Six reviews, nine effect estimates for pain intensity, and eight effect estimates for disability were identified for low-back pain ( Figs. 3, 4 and Supplementary Data S10 and S11). For exercise/education interventions,³⁵ SMD (95% CI) was −0.36 (−0.56 to −0.16; 1 estimate; GRADE: not reported) for pain intensity and −0.31 (−0.46 to −0.16; 1 estimate; GRADE: not reported) for disability. For psychological interventions,³⁴ SMD (95% CI) was −0.12 (−0.28 to 0.04; 1 estimate; GRADE: low) for pain intensity. For education/psychological interventions,^36
–38 SMD (95% CI) ranged −0.27 to −0.01 (−0.43, 0.16; 5 estimates; GRADE: moderate) for pain intensity and −0.34 to 0.00 (−0.52 to 0.18; 5 estimates; GRADE: low to moderate) for disability.

For exercise/education/psychological interventions,²⁹ SMD (95% CI) ranged −0.64 to −0.18 (−1.73 to 0.44; 2 estimates; GRADE: not reported) for pain intensity and −0.39 to −0.20 (−0.87 to 0.41; 2 estimates; GRADE: not reported) for disability.

Osteoarthritis

Four reviews and 7 effect estimates for both pain intensity and disability were identified for osteoarthritis ( Figs. 3, 4 and Supplementary Data S10 and S11).
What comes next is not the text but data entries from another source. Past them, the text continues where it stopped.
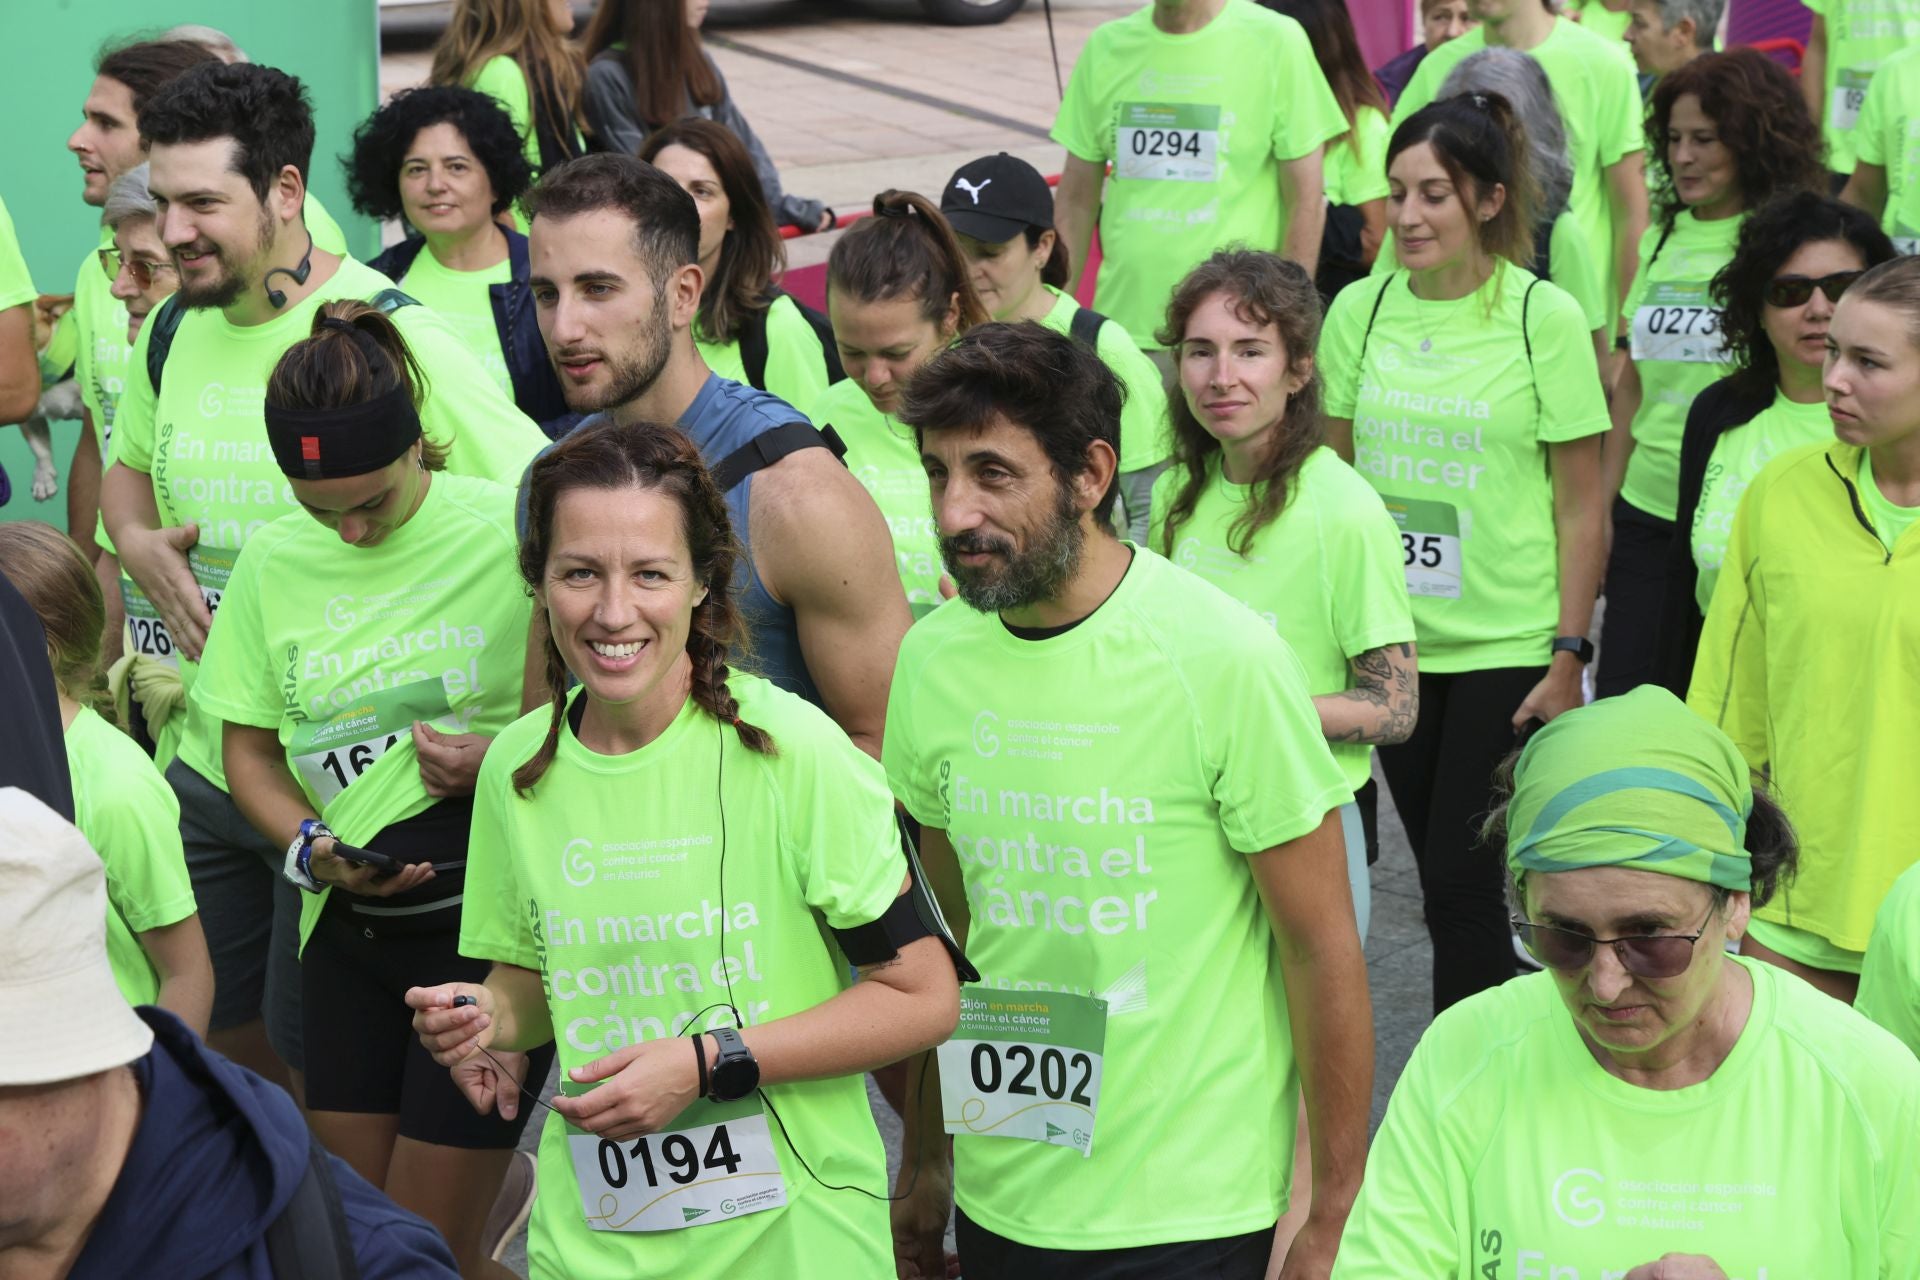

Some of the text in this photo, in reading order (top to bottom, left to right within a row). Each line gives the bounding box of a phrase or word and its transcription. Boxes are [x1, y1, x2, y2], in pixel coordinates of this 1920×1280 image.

[1132, 130, 1201, 157] 0294
[1648, 308, 1718, 335] 0273
[1384, 389, 1490, 419] marcha
[173, 431, 206, 461] En
[1451, 425, 1485, 453] el
[1357, 443, 1486, 492] cáncer
[172, 472, 277, 505] contra
[1400, 533, 1442, 568] 35
[130, 618, 175, 656] 026
[303, 620, 485, 681] En marcha
[442, 656, 482, 696] el
[335, 722, 345, 732] el
[346, 715, 377, 729] cáncer
[1065, 723, 1120, 735] española
[322, 734, 398, 789] 16
[955, 774, 1156, 825] En marcha
[602, 834, 712, 853] asociación española
[957, 832, 1153, 881] contra el
[602, 855, 636, 868] contra
[602, 868, 661, 882] en Asturias
[545, 898, 760, 947] En marcha
[551, 938, 765, 1002] contra el
[960, 999, 1049, 1014] Gijón en marcha
[960, 1012, 1051, 1026] contra el cáncer
[970, 1042, 1092, 1107] 0202
[598, 1124, 742, 1189] 0194
[1480, 1228, 1502, 1280] AS
For exercise/education interventions,⁴¹ SMD (95% CI) ranged −0.31 to −0.30 (−0.58 to −0.04; 2 estimates; GRADE: low to moderate) for pain intensity and −0.41 to −0.30 (−0.76 to 0.16; 2 estimates; GRADE: low to high) for disability. For exercise/education/psychological interventions,^40,42,43 SMD (95% CI) ranged −0.28 to −0.15 (-0.48 to −0.01; 5 estimates; GRADE: low to moderate) for pain intensity and −0.26 to −0.04 (-0.42 to 0.12; 5 estimates; GRADE: low to moderate) for disability.

Knee Pain

One review and one effect estimate for both pain intensity and disability were identified for knee pain ( Figs. 3, 4 and Supplementary Data S10 and S11). For exercise interventions,³⁹ SMD (95% CI) was −0.29 (−0.48 to −0.10; 1 estimate; GRADE: moderate) for pain intensity and −0.22 (−0.43 to −0.00; 1 estimate; GRADE: moderate) for disability.

Fibromyalgia

Two reviews, 2 effect estimates for pain intensity, and one effect estimate for disability were identified for fibromyalgia ( Figs. 3, 4 and Supplementary Data S10 and S11). For psychological interventions,^34,44 SMD (95% CI) ranged −0.66 to −0.58 (−1.11 to −0.04; 2 estimates; GRADE: low to moderate) for pain intensity and was −0.56 (−1.00, −0.13; 1 estimate; GRADE: moderate) for disability.

Back pain

One review and one effect estimate for pain intensity were identified for back pain (Fig. 3 and Supplementary Data S11). For psychological interventions,³⁴ SMD was −0.16 (−0.50, 0.18; 1 estimate; GRADE: low).

Rheumatic disorders

One review and one effect estimate for pain intensity were identified for rheumatic disorders (Fig. 3 and Supplementary Data S11). For psychological interventions,³⁴ SMD was −0.09 (−0.25, 0.07; 1 estimate; GRADE: low).

Secondary outcomes

Mixed MSK pain conditions

Three reviews and 3 effect estimates for HrQoL were identified for mixed MSK pain conditions (Fig. 5 and Supplementary Data S11). SMD (95% CI) ranged −0.03 to 0.30 (−0.50 to 1.10; 2 estimates; GRADE: high) for exercise interventions,^30,45 and was −0.27 (−0.54 to 0.00; 1 estimate; GRADE: not reported) for psychological interventions.⁴⁶

Fig. 5.

Forest plot for the outcome health-related quality of life of all analyses. A negative value represents an effect in favor of telemedicine. Effect sizes and 95% confidence intervals from meta-analyses are represented by a diamond. Bold lines of equivalence represent borders of clinical meaningfulness (−0.5; 0.5 SMD).

Four reviews and 15 effect estimates for psychological functioning were identified for mixed MSK pain conditions (Fig. 6 and Supplementary Data S11). For psychological interventions,⁴⁶ SMD (95% CI) ranged −0.53 to −0.19 (−1.84 to 0.78; 4 estimates; GRADE: not reported). For exercise/education/psychological interventions,^32,33,48 SMD (95% CI) ranged −0.45 to 0.11 (-3.02 to 2.56; 11 estimates; GRADE: very low to moderate).

Fig. 6.

Forest plot for the outcome psychological functioning of all analyses. A negative value represents an effect in favor of telemedicine. Effect sizes and 95% confidence intervals from meta-analyses are represented by a diamond. Bold lines of equivalence represent borders of clinical meaningfulness (−0.5; 0.5 SMD).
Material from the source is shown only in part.